“Blade Through the Heart” by Carrie Vaughn – 3.5

Reactor, March 2026

Commander Graff of the TGS Visigoth arrives on a feudal planet mid-war, perched with his two-person crew — the sharp-tongued Xun and the steady Brown — atop the stone tower of a medieval castle. Their mission is a hostage extraction: five Trade Guild medical workers caught in the crossfire of a primitive gunpowder conflict. The planet has devolved into a feudal pastiche, its society built on spears and swords, with no electronic infrastructure to exploit. For a crew accustomed to hacking comms and tapping networks, the total absence of technology proves disorienting — even dangerous.
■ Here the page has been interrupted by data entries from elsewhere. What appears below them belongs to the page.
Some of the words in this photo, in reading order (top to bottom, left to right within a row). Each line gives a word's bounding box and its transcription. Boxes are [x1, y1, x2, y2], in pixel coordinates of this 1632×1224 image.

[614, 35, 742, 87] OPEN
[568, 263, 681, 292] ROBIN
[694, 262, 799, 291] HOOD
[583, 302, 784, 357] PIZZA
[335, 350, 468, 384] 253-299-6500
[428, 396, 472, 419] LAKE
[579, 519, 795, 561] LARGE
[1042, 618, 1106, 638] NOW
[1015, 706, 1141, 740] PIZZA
The real tension runs beneath the mission itself. Four weeks before, an explosion gutted Graff in the field and revealed what he had long concealed: his body is riddled with illegal augmentations — rapid healing, enhanced memory, processor implants, augmented senses. He is, as he puts it, not entirely human. His crew has known the truth for a month, and the fallout is palpable. Xun flinches when he touches her arm. Brown triple-checks Graff’s rappelling gear like he’s managing a liability. Graff reads their caution as distrust, and quietly wonders whether staying with the Visigoth is a mistake — whether he has already broken the unit cohesion that made them exceptional.

The three descend a chimney shaft into the fortress, navigate stone corridors by stealth, and locate not five but twelve prisoners — the medical mission augmented by Trade Guild diplomatic observers. Dr. Avery, the mission’s fierce, red-haired leader, has kept her people together through exhaustion and hunger. Graff takes charge of the expanded group, improvises a marching order, and follows Brown’s scouting to a stable with an unguarded egress tunnel.
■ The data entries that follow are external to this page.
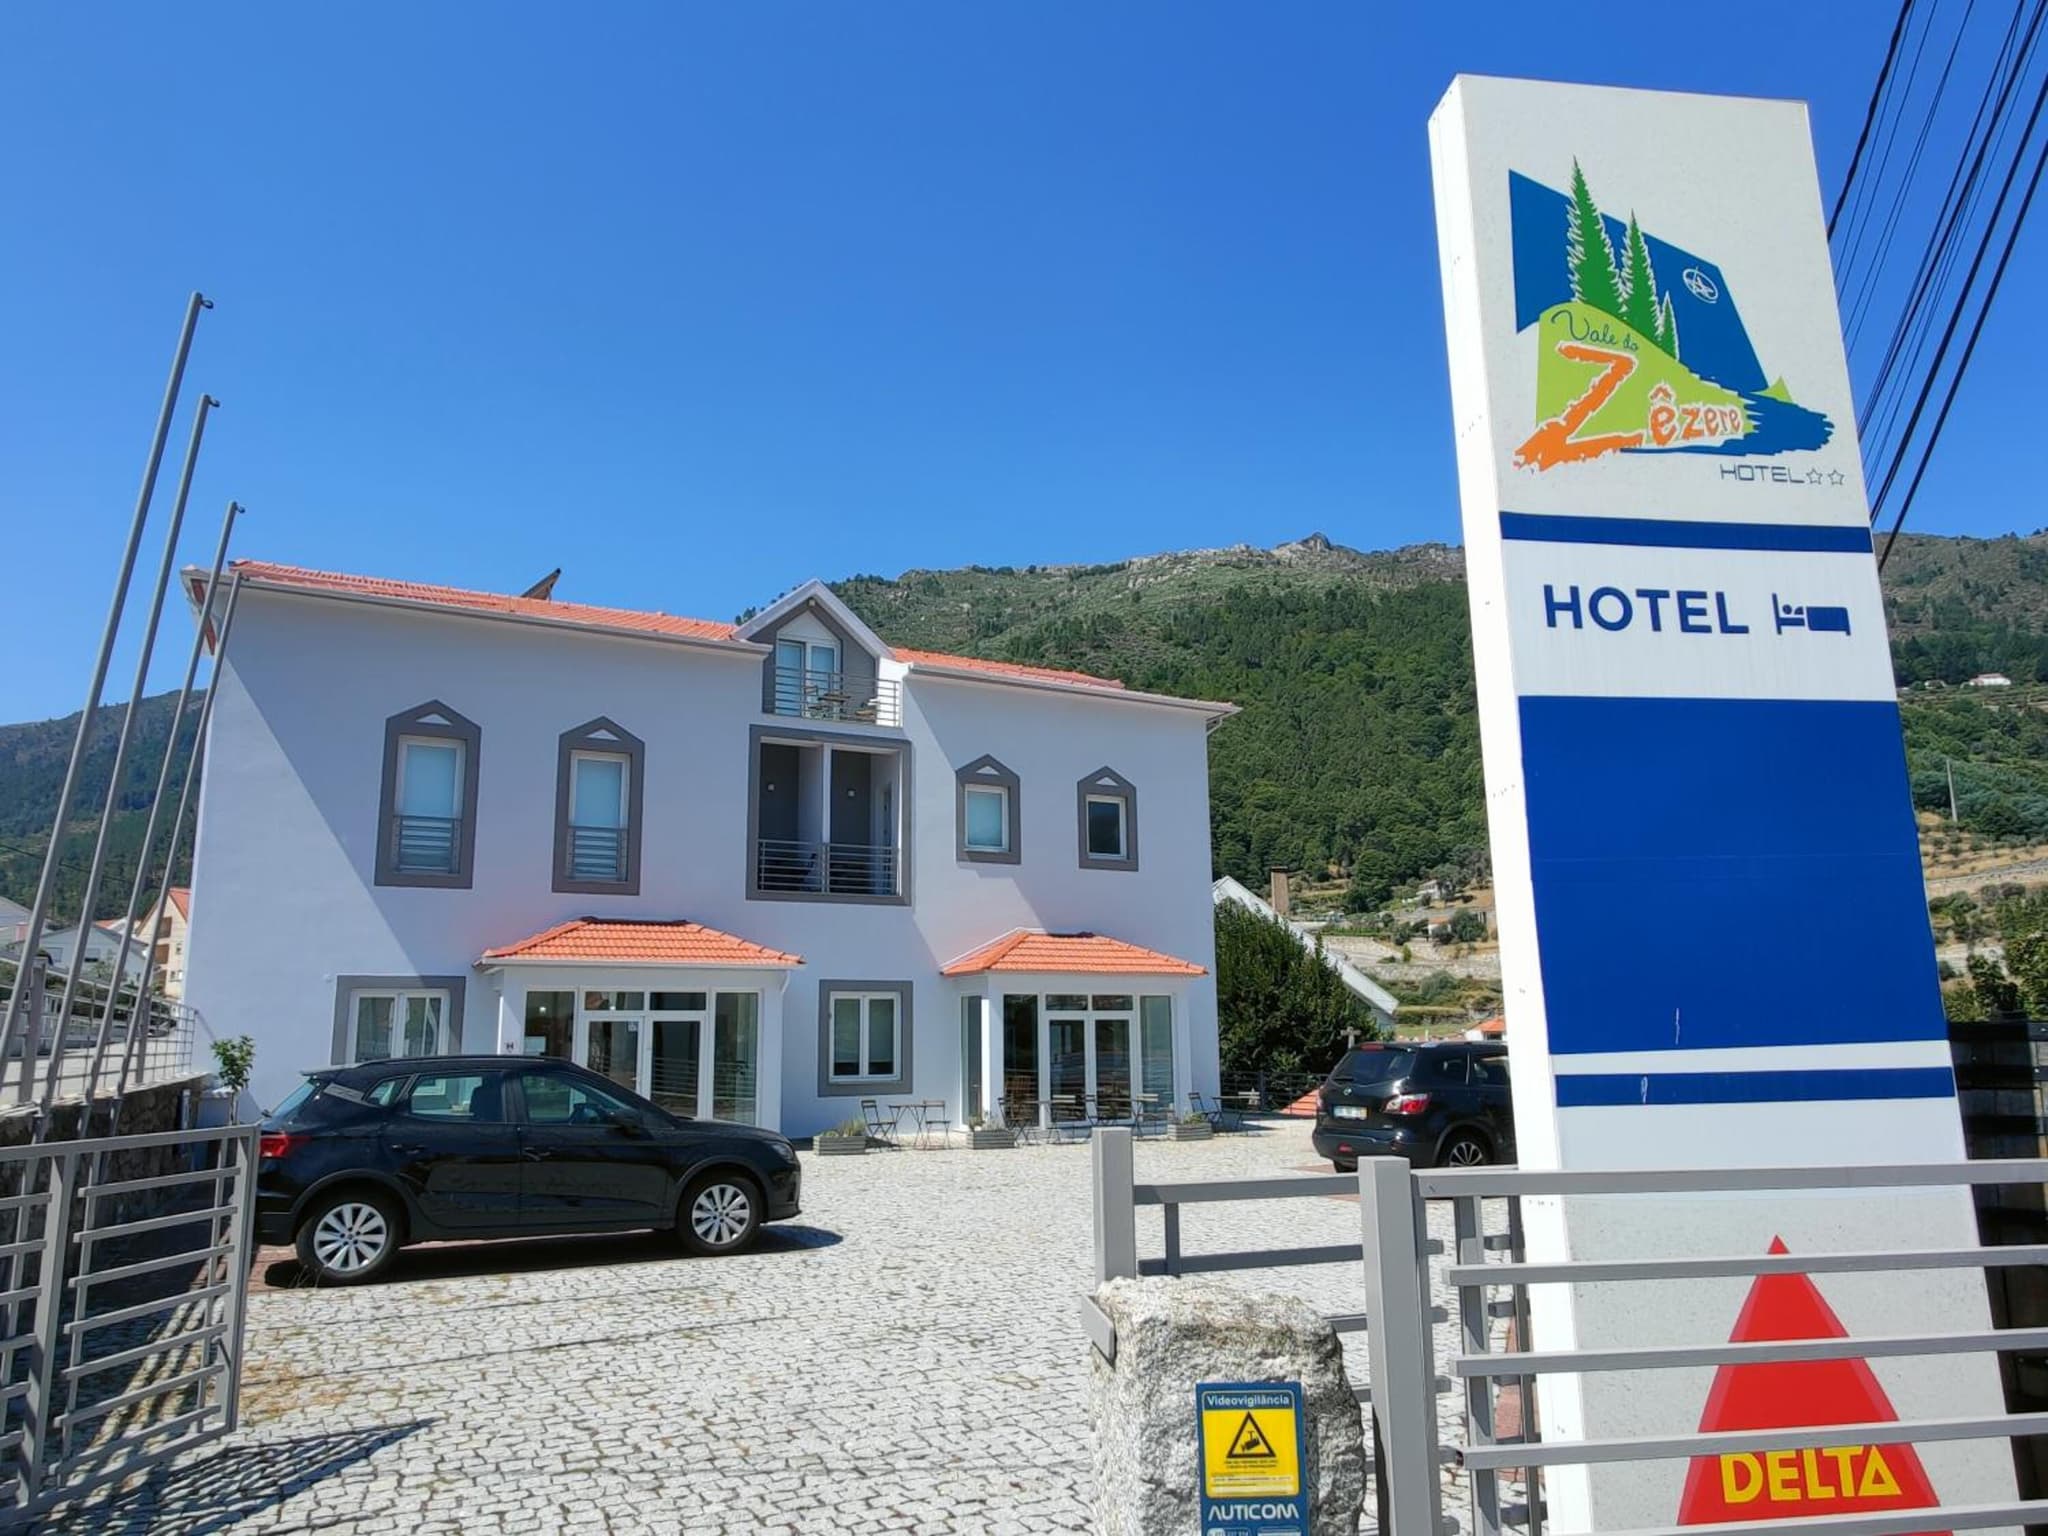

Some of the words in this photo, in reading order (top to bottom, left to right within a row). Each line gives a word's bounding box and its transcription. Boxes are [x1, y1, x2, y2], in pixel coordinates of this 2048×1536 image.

[1551, 309, 1617, 345] Vale
[1623, 333, 1639, 352] do
[1513, 343, 1741, 471] Zêzere
[1719, 463, 1805, 484] HOTEL
[1543, 584, 1750, 635] HOTEL
[1207, 1394, 1290, 1408] Videovigilância
[1720, 1445, 1902, 1504] DELTA
[1208, 1503, 1300, 1522] AUTICOM
They nearly make it. A squad of young local soldiers pours in from the tunnel, bows drawn, swords up. Rather than stun them all and risk a chaotic melee with arrows flying, Graff strips off his armor and challenges their commander to single combat — sword to sword — wagering the hostages’ freedom on the outcome. The duel is unequal in every technical sense: Graff is faster, stronger, tireless. But the young soldier is skilled, trained from youth, and when Graff finally pins him, the kid drives a knife deep into Graff’s abdomen and twists. Graff chokes the soldier unconscious — and the young man’s heart stops. He doesn’t recover.
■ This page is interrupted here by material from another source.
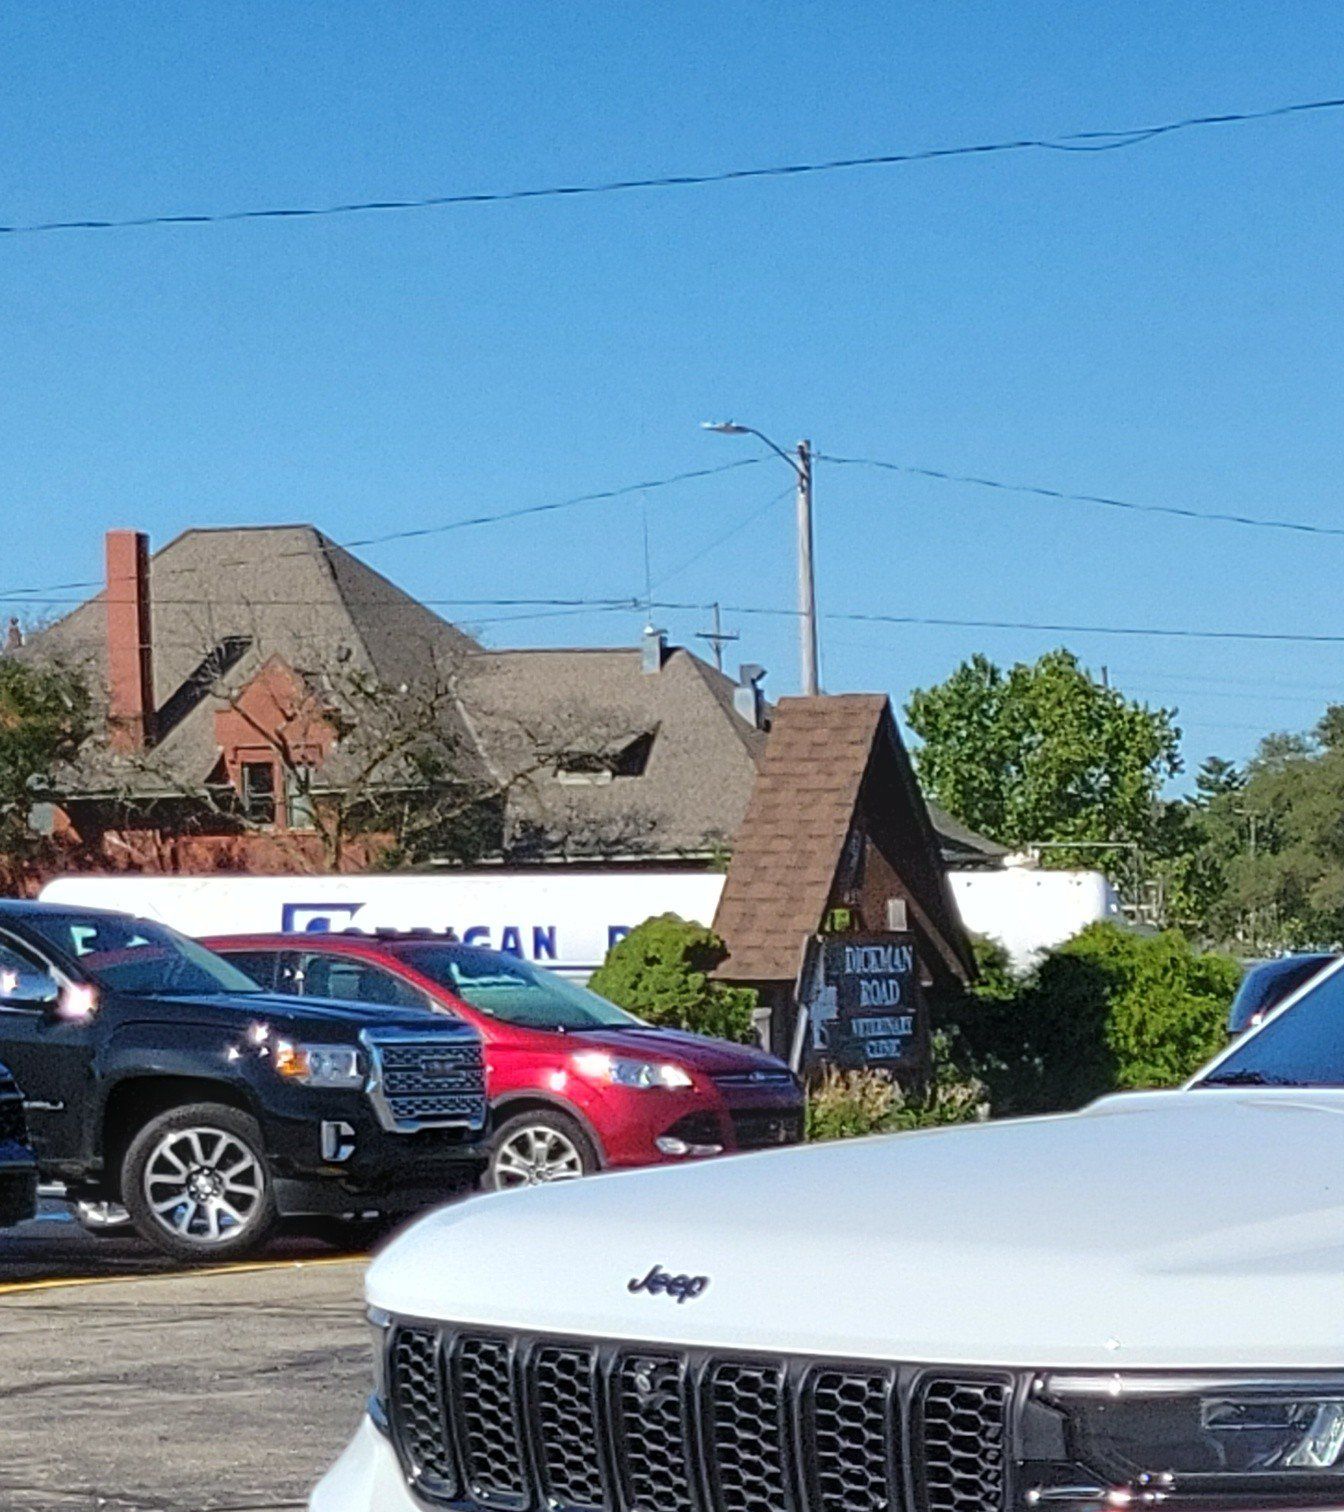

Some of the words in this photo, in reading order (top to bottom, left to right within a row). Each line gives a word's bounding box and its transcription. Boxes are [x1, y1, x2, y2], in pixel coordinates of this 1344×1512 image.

The soldiers honor the terms of the duel and let the group go. Outside, Graff walks wounded through the extraction, hiding the severity of the injury from the newly arrived expedition medics — including his partner Ell, the Visigoth’s doctor, who assigns him a green triage rating on Graff’s quiet insistence while already half-healed tissue seals the wound. Afterward, sitting shoulder to shoulder in the dust with Xun and Brown, something shifts. They don’t leave. They don’t recoil. Xun pats his knee. The unit cohesion Graff feared was gone turns out to be battered but intact — changed by the truth of what he is, but not destroyed by it.​​​​​​​​​​​​​​​​

Carrie Vaughn

Carrie Vaughn’s work includes the Philip K. Dick Award winning novel Bannerless, the New York Times Bestselling Kitty Norville urban fantasy series, over twenty novels and upwards of 100 short stories, two of which have been finalists for the Hugo Award. Her latest novels are historical fantasies, The Naturalist Society and The Glass Slide World, about 19th century ornithologists and the magic of binomial nomenclature. An Air Force brat, she survived her nomadic childhood and managed to put down roots in Boulder, Colorado.